• **TASK DETAILS**:
The entries that follow should come back exactly, with no pictures among them.

• **STORED DATA**:
☆ ☆ ☆

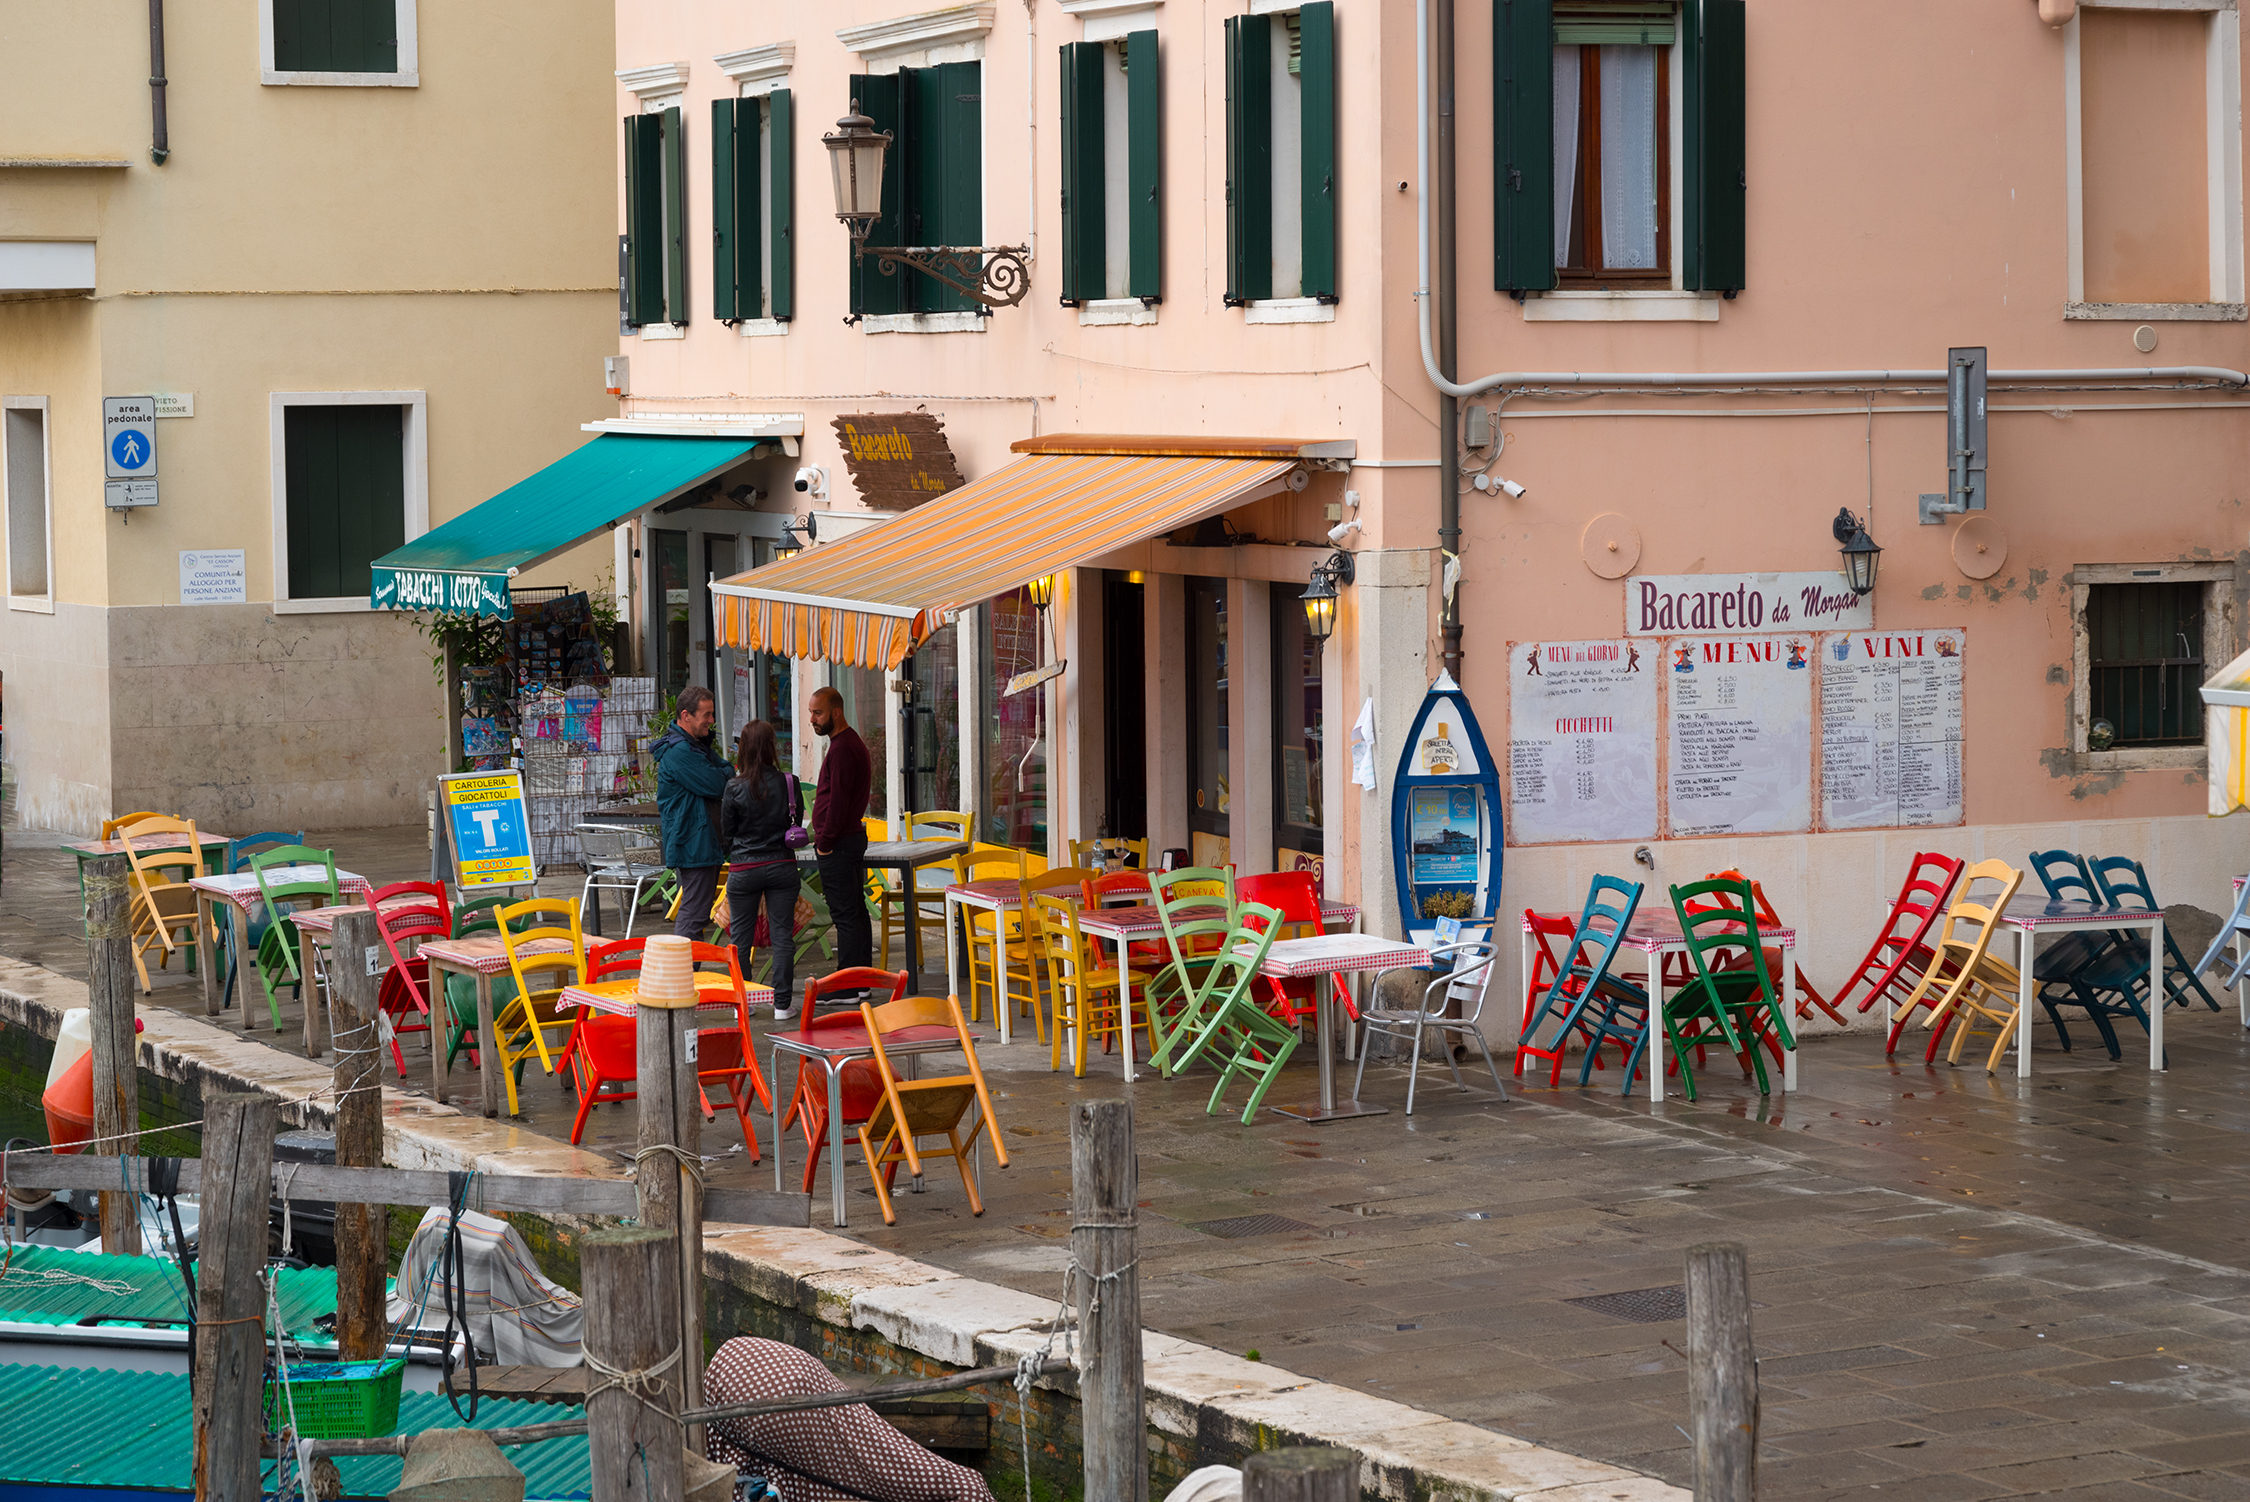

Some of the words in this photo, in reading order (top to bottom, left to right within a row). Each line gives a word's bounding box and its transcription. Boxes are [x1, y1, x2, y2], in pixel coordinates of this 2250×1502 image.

[108, 414, 152, 424] pedonale
[845, 424, 913, 461] Bacareto
[194, 570, 231, 578] COMUNITÀ
[395, 572, 444, 606] TABACCHI
[450, 575, 480, 609] LOTTO
[1639, 581, 1763, 631] Bacareto
[1772, 596, 1791, 624] da
[1801, 585, 1860, 622] Morgan
[1548, 646, 1573, 663] MENU
[1587, 644, 1619, 662] GIORNO
[1703, 641, 1781, 664] MENU
[1863, 636, 1925, 658] VINI
[1556, 716, 1613, 734] CICCHETTI
[455, 778, 507, 790] CARTOLERIA
[459, 790, 508, 802] GIOCATTOLI
[1416, 804, 1424, 814] €
[472, 809, 500, 847] T

☆ ☆ ☆

• **REPLY**:
Some of the words in this photo, in reading order (top to bottom, left to right within a row). Each line gives a word's bounding box and its transcription. Boxes are [x1, y1, x2, y2], in pixel coordinates of this 2250×1502 image.

[108, 414, 152, 424] pedonale
[845, 424, 913, 461] Bacareto
[194, 570, 231, 578] COMUNITÀ
[395, 572, 444, 606] TABACCHI
[450, 575, 480, 609] LOTTO
[1639, 581, 1763, 631] Bacareto
[1772, 596, 1791, 624] da
[1801, 585, 1860, 622] Morgan
[1548, 646, 1573, 663] MENU
[1587, 644, 1619, 662] GIORNO
[1703, 641, 1781, 664] MENU
[1863, 636, 1925, 658] VINI
[1556, 716, 1613, 734] CICCHETTI
[455, 778, 507, 790] CARTOLERIA
[459, 790, 508, 802] GIOCATTOLI
[1416, 804, 1424, 814] €
[472, 809, 500, 847] T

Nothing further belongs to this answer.